Neighbours, di Lília Momplé

di AFRICA
Neighbours, di Lília Momplé

Neighbours: “vicini”. E, effettivamente, il romanzo narra di tre famiglie che non si conoscono tra loro e che abitano in appartamenti, a Maputo, non distanti gli uni dagli altri. Ma il titolo in inglese non è un vezzo anglofilo (questo dell’edizione italiana è lo stesso dell‘edizione originale mozambicana del 1995, rilanciata da un’importante editrice portoghese nel 2012).

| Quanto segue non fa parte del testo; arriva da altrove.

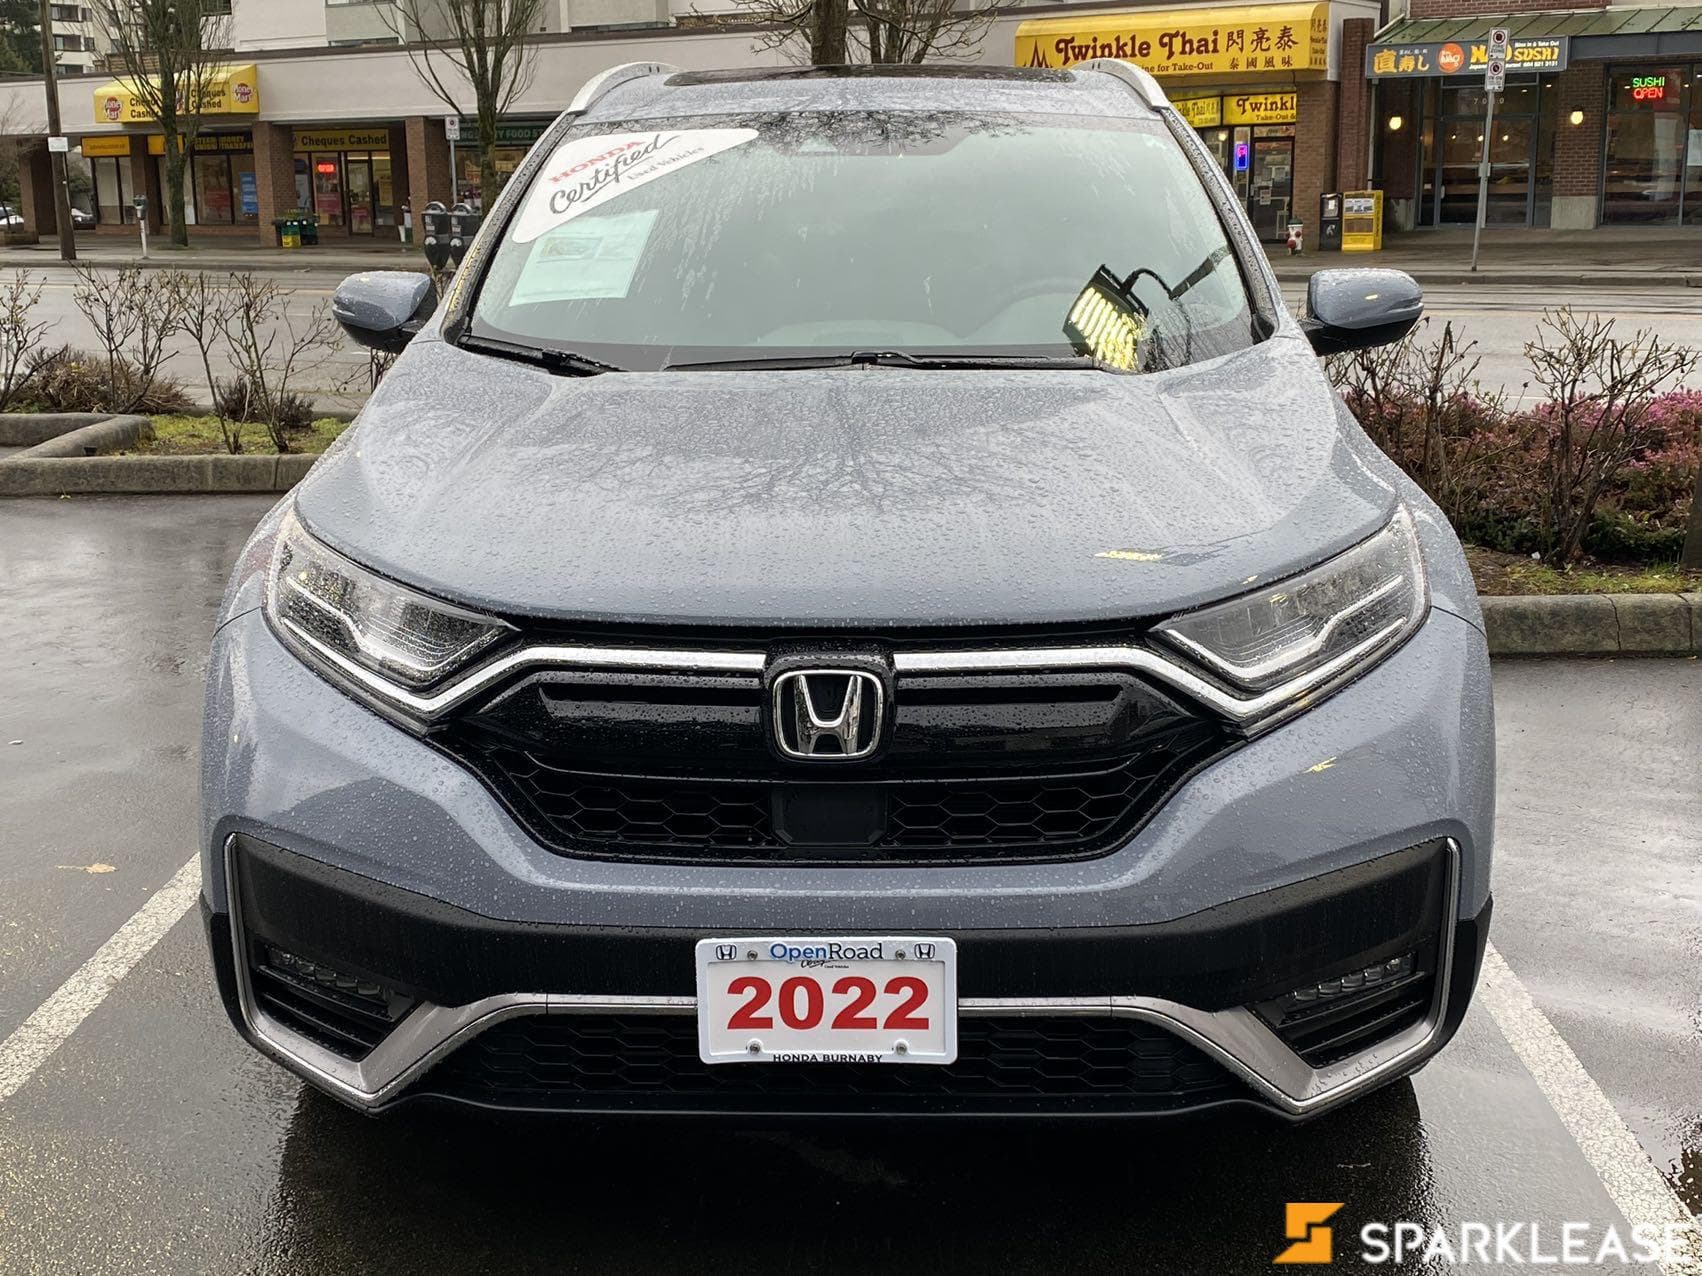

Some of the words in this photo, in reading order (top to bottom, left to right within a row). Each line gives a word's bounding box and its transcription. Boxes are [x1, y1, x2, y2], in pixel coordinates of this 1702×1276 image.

Il Mozambico in quanto Paese, e non solo le tre famiglie di questa storia, ha un ingombrante vicino che si chiama Sudafrica – e l’inglese era, con l’afrikaans, lingua ufficiale durante l’apartheid – e che ne ha pesantemente condizionato la storia. L’autrice lo spiega fin dalla prima riga della premessa al suo libro: «Mi ha sempre impressionata la continua e tragica ingerenza della minoranza razzista del Sudafrica nel mio Paese dove, soprattutto negli anni Ottanta, moltissimi mozambicani videro il corso delle loro vite mutato o, semplicemente, interrotto per volontà e per ordine dei difensori dell’apartheid». E i due tipi di vicinato tragicamente si intrecceranno nelle pagine di Neighbours.

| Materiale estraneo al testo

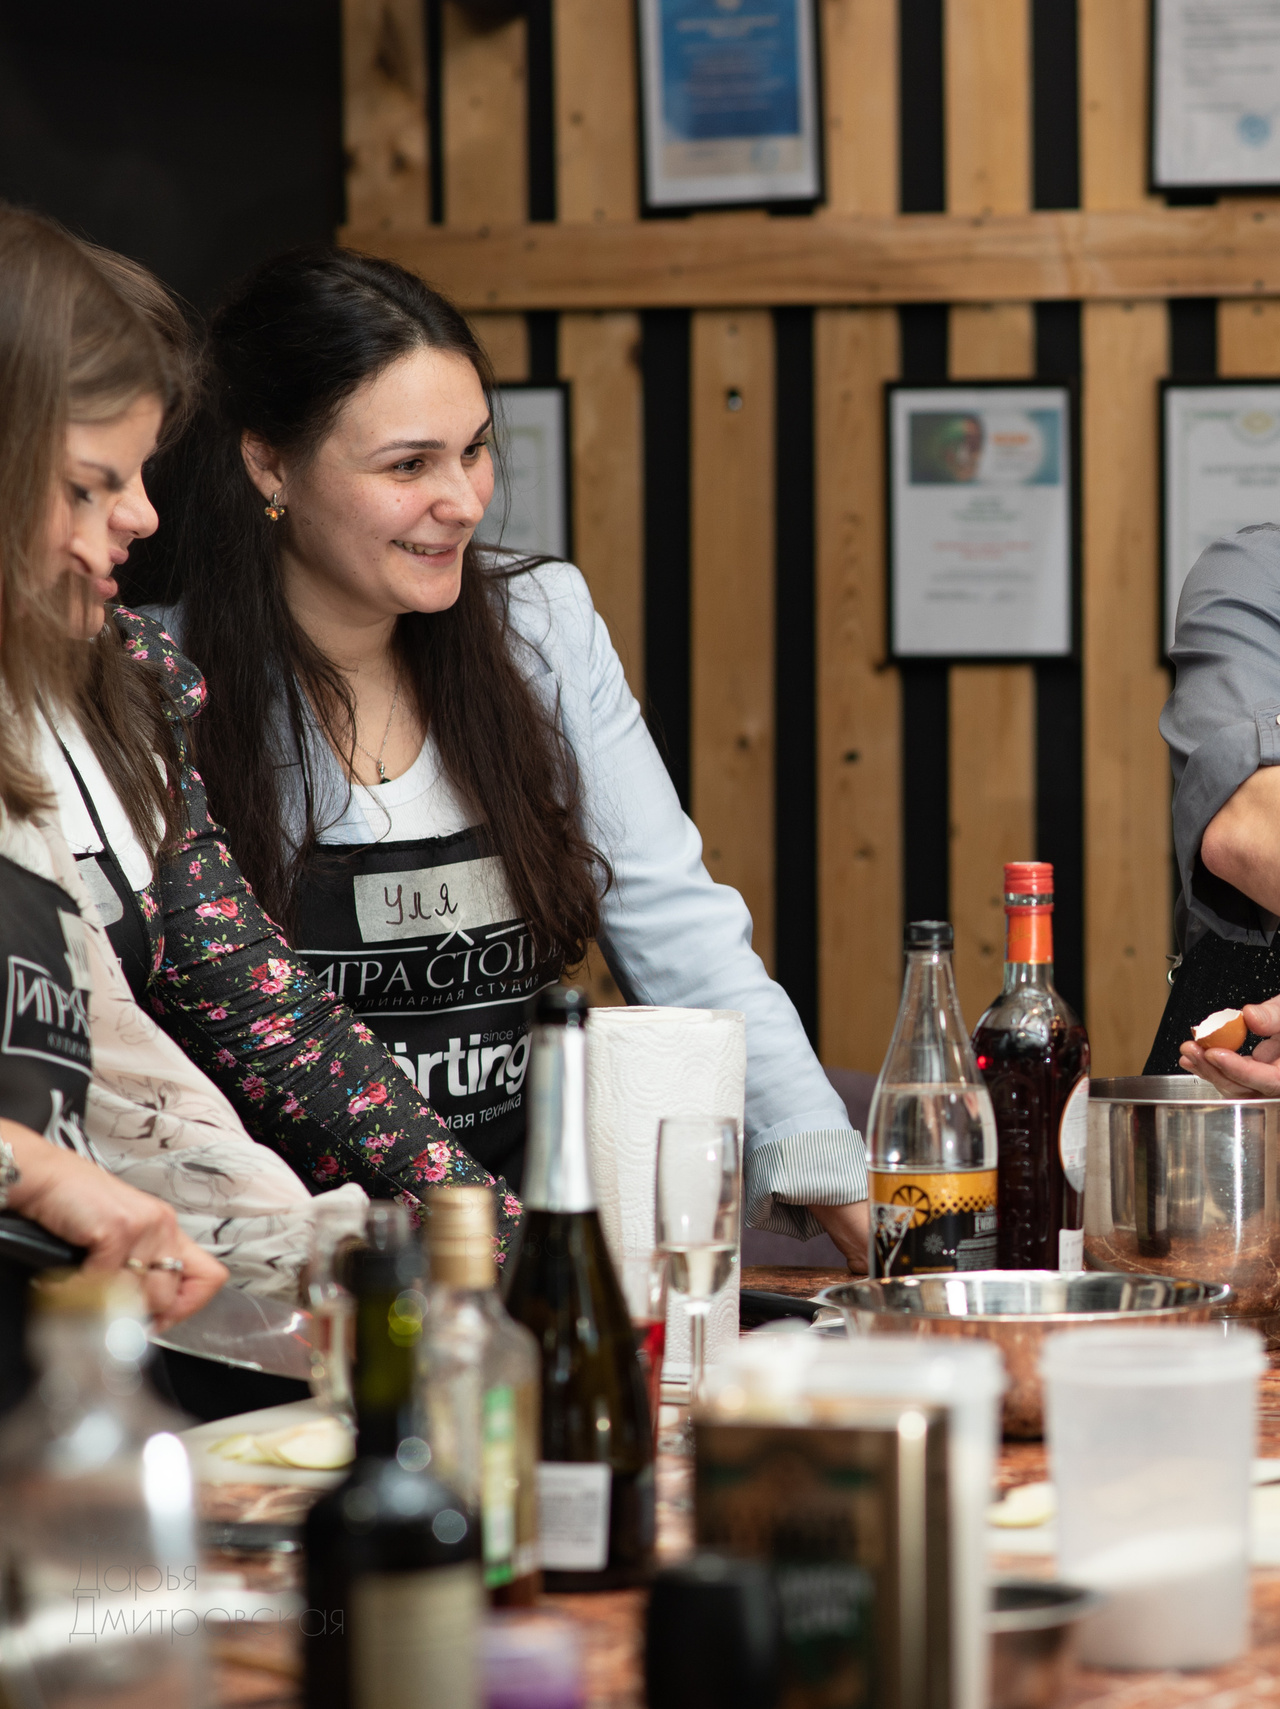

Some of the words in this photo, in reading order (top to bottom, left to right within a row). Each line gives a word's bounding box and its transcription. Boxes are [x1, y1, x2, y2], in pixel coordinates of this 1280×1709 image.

Lília Momplé – oggi ultraottantenne, e che è stata anche alla testa dell’Associazione degli scrittori mozambicani (Aemo) –, ambienta il suo romanzo tra le ore 19 e le 8 di una lunga notte di maggio del l985. Si tenga presente, per una migliore comprensione, che nel 1982 proprio a Maputo era stata uccisa da un pacco bomba Ruth First, militante sudafricana bianca anti-apartheid, e che nel marzo 1984 era stato siglato il controverso Accordo di Nkomati «di buon vicinato» tra i due Paesi, un trattato dagli scarsi risultati, come appunto l’autrice testimonia (Neighbours si ispira a una storia vera che ha coinvolto persone vicine all’autrice).

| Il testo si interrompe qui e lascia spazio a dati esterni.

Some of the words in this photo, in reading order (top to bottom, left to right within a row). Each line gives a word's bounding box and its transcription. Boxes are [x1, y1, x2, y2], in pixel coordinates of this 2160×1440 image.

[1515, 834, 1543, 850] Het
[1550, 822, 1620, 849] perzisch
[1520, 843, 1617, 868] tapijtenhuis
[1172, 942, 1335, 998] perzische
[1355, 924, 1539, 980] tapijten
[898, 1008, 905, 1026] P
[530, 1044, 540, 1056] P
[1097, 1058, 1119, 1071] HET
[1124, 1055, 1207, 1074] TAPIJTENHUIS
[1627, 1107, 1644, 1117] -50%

Non sveleremo trama né conclusione, anche se non è difficile indovinare che le tre famiglie, presentate ciascuna in capitoli a sé stanti, rappresentano un caso di “parallele convergenti” attorno a un fatto di sangue (“Storia di un delitto” è l’esplicito sottotitolo di questa sorta di noir). Ma la scrittura di Momplé, mai gridata, ci fornisce al tempo stesso una sorta di murale (non a caso viene citato anche Malangatana, il grande artista mozambicano) della società del suo Paese – negli anni Ottanta ma anche prima dell’indipendenza. E le sue pennellate sono di una precisione assoluta, pur non pedante, anche nell’evocazione di fatti storici puntuali, come l’espulsione del vescovo di Nampula da parte del governo nel 1974, quando Lisbona era ancora (per poco) padrona delle sue “province d’oltremare”. «Il fatto che un bianco così importante come il vescovo di Nampula fosse espulso da altri bianchi a causa dei neri, era sicuramente il presagio di qualcosa di nuovo», è il pensiero che l’autrice attribusice a uno dei suoi personaggi.

C’è poi un aspetto, non appariscente ma di cui ci si rende conto man mano che si avanza nella lettura: l’azione al cuore della vicenda è maschile, ma il punto di vista è femminile, così come donne sono i veri protagonisti (l’osservazione è sostanzialemnte valida anche per gli altri suoi due titoli: raccolte di racconti inedite in italiano). Intervistata su questo aspetto, l’autrice è parsa quasi sorpresa: «La mia scrittura non è coscientemente femminile. Deve esserci stato qualche meccanismo inconscio che ha favorito il rolo della donna in quello che scrivo. Tutta la mia opera è basata sulla realtà, e la donna mozambicana soffre, è quindi naturale che appaia come sofferente. Amerei che si facessero avanti donne che scrivano dell’altra faccia della medaglia».

Infine, sempre fedele com’è alla realtà, Momplé – che nel suo dna è il prodotto di quattro o cinque provenienze da mezzo mondo – non poteva mancare di far toccare con mano al lettore i clivaggi, etnici o pseudotali, in seno alla società mozambicana coloniale (e che sono perdurati nel dopoindipendenza): neri, meticci, mauriziani, portoghesi… e anche gli stereotipi che connotano le diverse regioni del Paese («Narguiss non si stanca di ripetere che le donne dell’Isola di Mozambico sono pericolose e che amano rubare i mariti delle altre»).